Later Thursday, sheriff’s and animal control officials served a search warrant on a home near the site of the attack and took away eight dogs, six of them pit bulls and two of them of mixed breeds.
A 29-year-old man from the house was arrested on suspicion of cultivating marijuana.
It was unclear whether the dogs that attacked the woman had collars or owners.
“In these areas, you might have a situation where people dump animals out in rural areas,” said John Mlynar, a spokesman for the nearby city of Palmdale.
People living near the site of the attack said stray dogs constantly roam the area and have attacked people before.
“It’s really scary,” Diane Huffman, of Littlerock, told KABC-TV. “I don’t know what to think.

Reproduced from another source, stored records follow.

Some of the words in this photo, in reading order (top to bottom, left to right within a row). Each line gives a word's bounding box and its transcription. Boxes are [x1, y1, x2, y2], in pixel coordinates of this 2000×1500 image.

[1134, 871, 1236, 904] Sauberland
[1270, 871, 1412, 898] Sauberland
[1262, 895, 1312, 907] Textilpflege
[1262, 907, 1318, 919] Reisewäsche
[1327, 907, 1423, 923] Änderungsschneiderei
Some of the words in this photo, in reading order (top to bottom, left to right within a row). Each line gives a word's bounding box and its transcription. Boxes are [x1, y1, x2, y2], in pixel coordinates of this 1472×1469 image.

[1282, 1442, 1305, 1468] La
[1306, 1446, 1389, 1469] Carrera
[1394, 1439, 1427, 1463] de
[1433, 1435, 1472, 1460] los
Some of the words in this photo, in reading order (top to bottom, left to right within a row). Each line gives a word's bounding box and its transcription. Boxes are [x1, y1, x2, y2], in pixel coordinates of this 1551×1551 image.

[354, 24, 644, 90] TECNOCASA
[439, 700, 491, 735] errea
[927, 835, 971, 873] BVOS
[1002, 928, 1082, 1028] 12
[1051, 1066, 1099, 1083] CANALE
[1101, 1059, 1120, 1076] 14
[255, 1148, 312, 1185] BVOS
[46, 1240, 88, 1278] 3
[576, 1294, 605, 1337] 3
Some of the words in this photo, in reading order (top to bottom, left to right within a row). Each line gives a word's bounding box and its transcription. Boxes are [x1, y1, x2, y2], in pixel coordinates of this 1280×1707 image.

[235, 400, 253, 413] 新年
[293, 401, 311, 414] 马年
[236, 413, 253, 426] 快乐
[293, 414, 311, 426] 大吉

I really think I’m going to be getting a gun to protect myself.”
The jogger’s death was the latest of at least five deadly dog attacks in California in the past two years.
Last month, Claudia Gallardo, 38, of Stockton, was mauled to death by a pit bull in the front yard of a home where the dog lived.
In February, Elsie Grace, 91, of Hemet, was killed by a pair of pit bulls at a motel.
In June 2011, two pit bulls escaped from their yard and mauled a neighbor in her San Diego backyard. Emako Mendoza, 75, suffered arm and leg amputations before dying months later. The dog’s two owners were convicted of involuntary manslaughter.
In June 2012, an 8-month-old boy, Tyzhel Latella McWilliams, was mauled to death by a pit bull at a home in Lemon Grove, near San Diego.